La Marquise.—Ces détails commencent à me fatiguer. Est-ce tout?
Le Comte.—Encore un article (Il lit.) «Vingtième couple: le chevalier de Pasimou; Mme des Clapiers.» (Parlé.) Je les ai furetés tous deux, ces clapiers-là. J'en connais peu d'aussi logeables.
La Marquise.—Vaurien, taisez-vous. (A la Comtesse.) Il va nous faire encore quelque commentaire saugrenu.
Le Comte.—Vous m'attaquez! Eh bien! pour vous faire enrager, j'ajoute avec fondement, que je crois avoir aussi pratiqué ce Pasimou, tandis qu'il portait la soutane. Voyons la note. (Il lit.) «Le plus beau jeune homme qu'on puisse voir, et peut-être le plus aimable. Ci-devant abbé.» (Parlé.) Tout juste, c'est le même. (Il lit.) «C'est maintenant un excellent officier.» (Parlé.) J'en suis fort aise (Il lit.) «Il a quelques défauts.» (Parlé.) Je lui ai connu celui d'être bardache, mais tant d'honnêtes gens le sont! (Il lit.) «Les femmes ont soin de lui.» (Parlé.) Les hommes, quand cela lui plaira, seront fort à son service.
La Marquise.—Insupportable homme, finirez-vous!
Le Comte.—Là, là, je promets de ne plus y mettre un mot du mien (Il lit.) «Les femmes ont soin de lui, mais il est si galant, si complaisant, et fait tant d'honneur à leur libéralité, qu'aucune n'est mécontente. C'est en un mot, le phénix des hommes à bonnes fortunes.» (Parlé.) C'est tout.
La Marquise.—J'aime ce Pasimou à la folie. Voilà comment il eût fallu que fussent tous nos cavaliers de ce soir.

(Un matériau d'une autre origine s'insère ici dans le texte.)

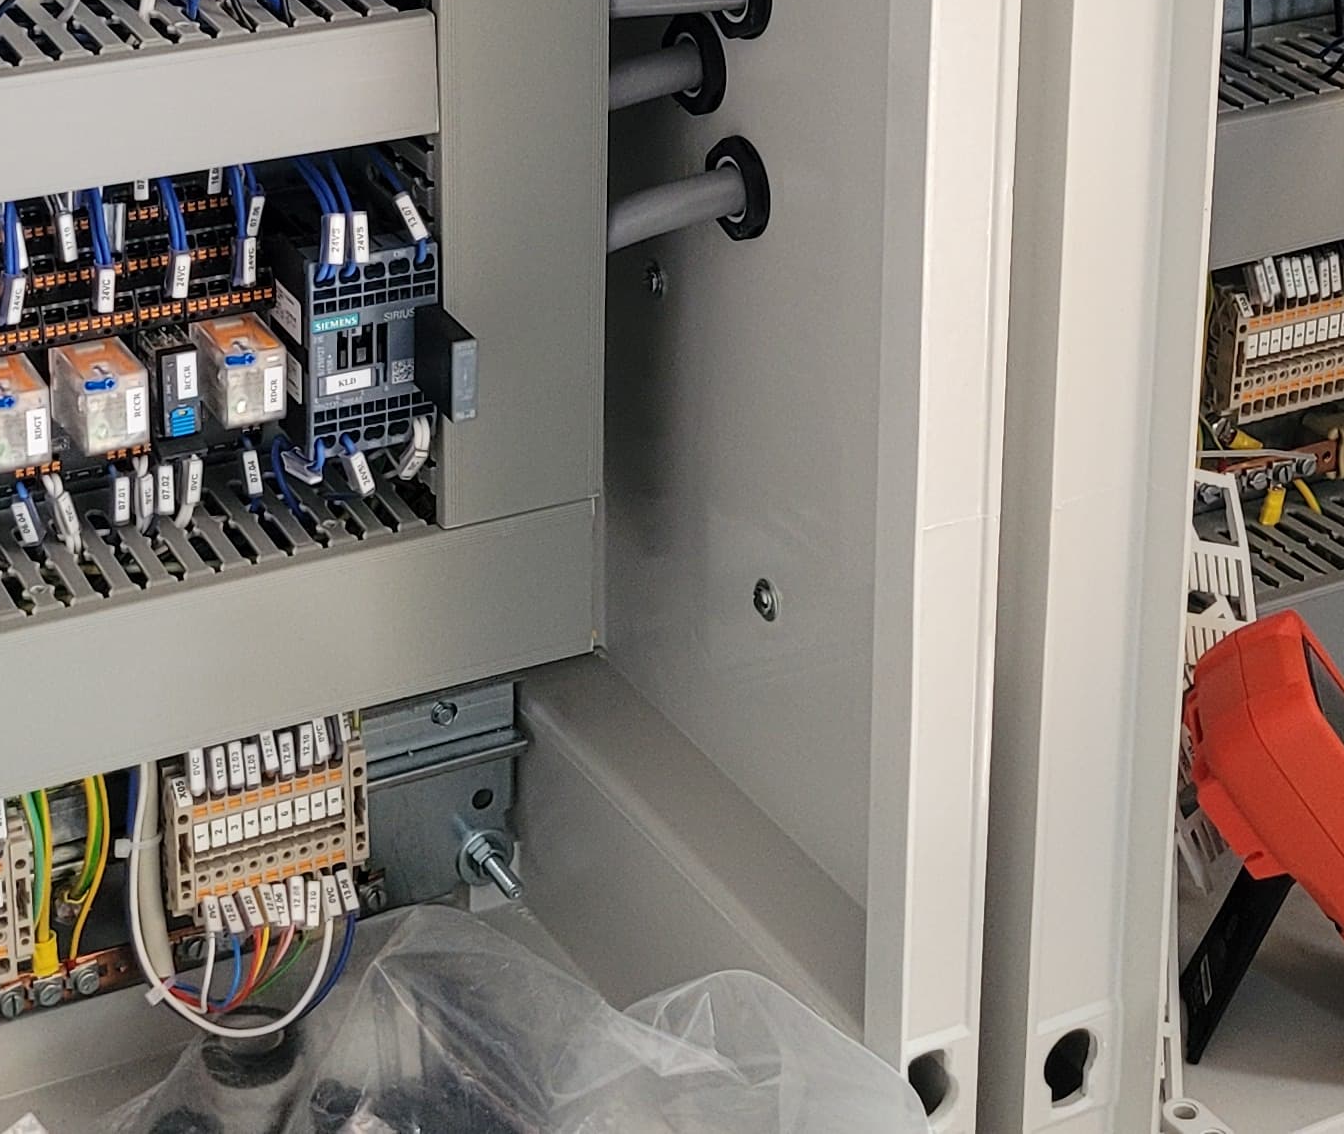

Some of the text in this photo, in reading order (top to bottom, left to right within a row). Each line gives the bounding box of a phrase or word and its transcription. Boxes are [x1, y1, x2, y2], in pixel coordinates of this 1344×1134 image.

Morawiski.—Et toutes nos dames comme vous (Il prend en même temps et baise amoureusement la main de la marquise.)
Le Comte (pariodant avec la comtesse).—Ou comme elle.
La Comtesse, souriant.—Peste! j'en suis aussi! (A Morawiski.) Ecoutez donc, mon cher palatin, vous avez bien fait de dire enfin quelque chose, car je vous croyais en léthargie.
Morawiski.—Daignez m'excuser, mais de si grands et de si chers intérêts viennent quelquefois me distraire de ce qui m'attache le plus, que je fais alors la sottise d'envoyer mon âme en Pologne, tandis que ma personne matérielle demeure où l'on me voit.
La Comtesse.—A la bonne heure, mais comme votre langue en fait partie, et qu'elle doit savoir dire de jolies choses, gardez-la-nous, s'il vous plaît.
La Marquise.—Pendant que nous nous amusons de balivernes, le temps se passe. (Elle regarde à sa montre.) Plus de cinq heures! et j'ai je ne sais combien de petites choses à faire avant de partir! (Au comte.) Y pensez-vous donc, méchant homme, de nous avoir ainsi mises en retard avec votre scandaleuse gazette!
Elle se lève et va s'occuper des petits soins qu'elle vient d'annoncer. La comtesse et les deux cavaliers vont, en attendant, prendre l'air sur une terrasse. Bientôt après on monte dans un carrosse à six chevaux et l'on vole au rendez-vous du pique-nique.